Вытравленным, посеревшим зрением глядел он на пригорок, и все там представлялось ему серым и незнакомым: сиротливо-серые избы, серые ветлы, серые огороды, сбегавшие вниз по бугру, серые ставни на каких-то потухших, незрячих окнах родной избы… И вся деревня казалась жалко обнаженной под куда-то отдалившимся, ставшим вдруг равнодушно-бездонным небом, будто неба и не было вовсе, будто его сорвало и унесло, как срывает и уносит крышу над обжитым и казавшимся надежным прибежищем.
Не хотелось Касьяну сейчас в деревню, не тянуло его и домой. Ему чудилось, будто их изба тоже стояла без крыши, обезглавленная до самого сруба, с разверстой дырой в серую пустоту, и он, все более раздражаясь, не понимал, почему так рвется туда Натаха, где уже нельзя было ни спрятаться, ни укрыться.

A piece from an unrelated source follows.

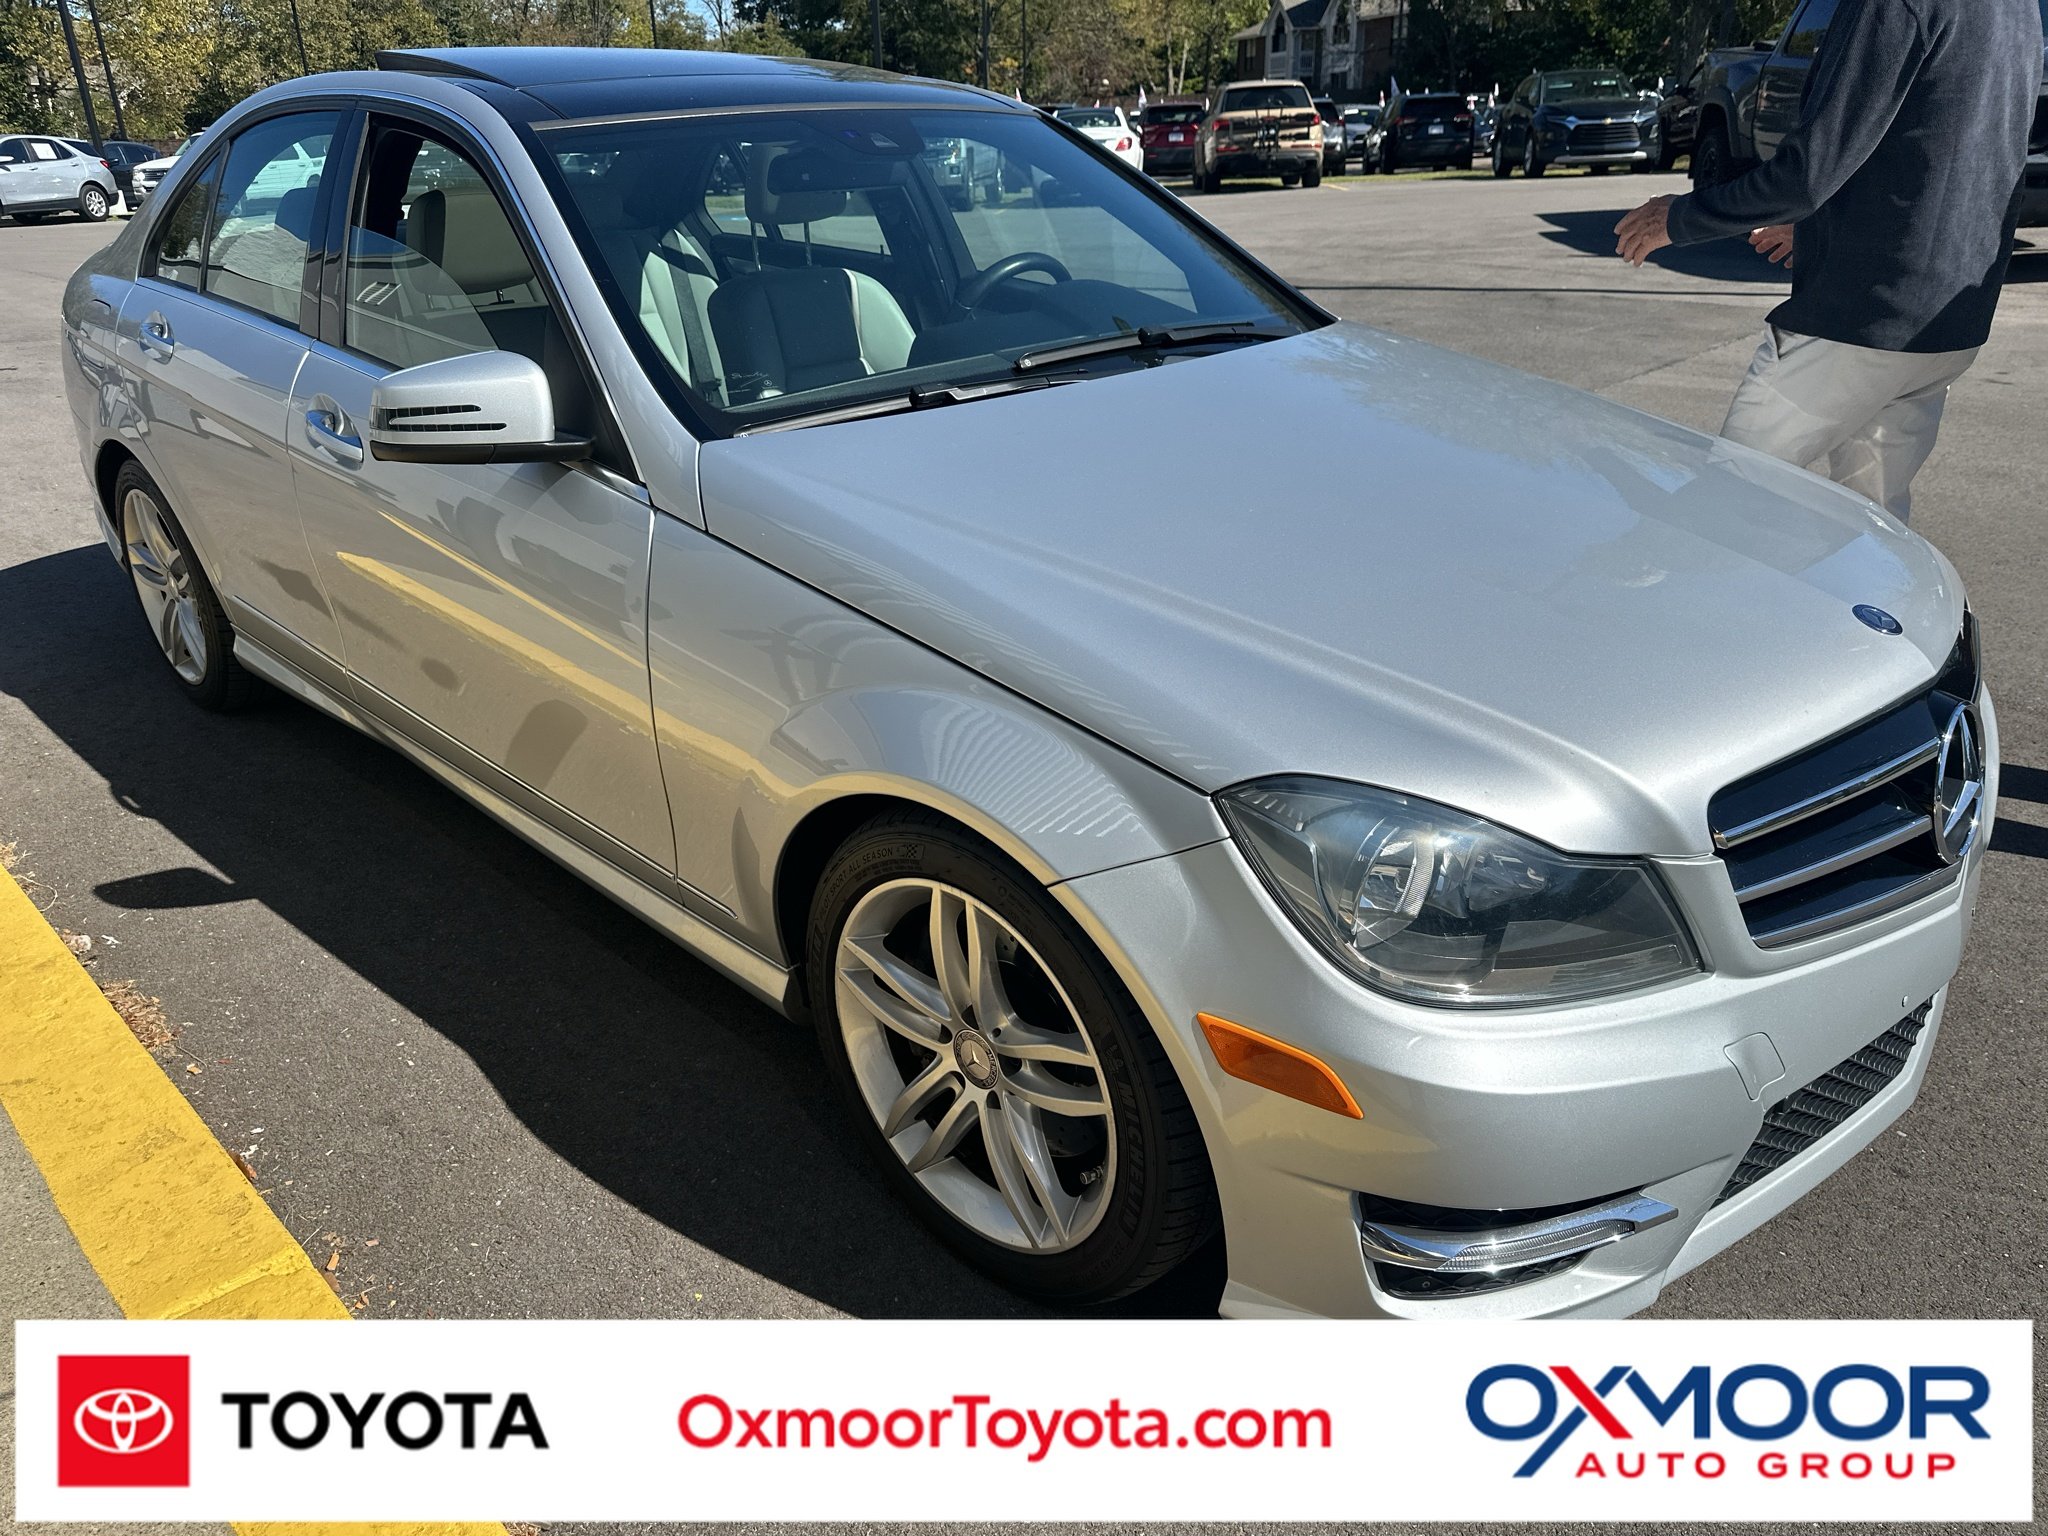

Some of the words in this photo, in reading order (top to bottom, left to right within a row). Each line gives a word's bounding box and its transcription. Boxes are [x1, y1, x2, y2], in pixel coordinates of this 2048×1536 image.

— Да не беги ты как полоумная! Сядь, отдохни перед горой-то!
— Ничего уж…
— Экая дура!
— Теперь вот оно, добежали.
— Да ведь не пожар, успеется.
— Кабы б не пожар…
— Па, а па! — вскинул на отца возбужденный взгляд Сергунок.— А тебе чего дадут: ружье или наган?
Касьян досадливо озирнулся на Сергунка, но тот, должно быть, воображая себе все это веселой игрой в казаки-разбойники, горделиво посматривал на крупно шагавшего отца, и Касьян сказал:
— Ружье, Сережа, ружье.
— А ты стрелять умеешь?
— Да помолчи ты…
— Ну, пап!
— Чего ж там уметь: заряжай да пали.
Невольно перекидываясь в те годы, когда отбывал действительную, Касьян с неприятным смущением, однако, вспомнил, что не часто доводилось стрелять из винтовки: день-деньской, бывало, с мешками да тюками, с лошадьми да навозом. Не нужно оно было ни для какой надобности, это самое ружье.
— Ружье лучше! — распалял себя мальчишеским разговором Сергунок.— К ружью можно штык привинтить. Пырнул — и дух вон.
— Ага, можно и штык…
— Штык, он во-острый! Я видел у Веньки Зябы. Он у них в амбаре под латвиной спрятан. Только весь поржаветый.
— Што, говоришь, в амбаре? — вяло переспросил Касьян, занятый своими мыслями.
— Да штык! У Веньки у Зябы.
— А-а! Ну-ну…
— Вот бы мне такой! Я бы наточил его — ой-ой! Раз их, рраз! Да, пап? И готово!
— Кого это?
— Всех врагов! А чего они лезут.
— А мне стык? — подхватил новое слово Митюнька.— Я тоза хоцю сты-ык!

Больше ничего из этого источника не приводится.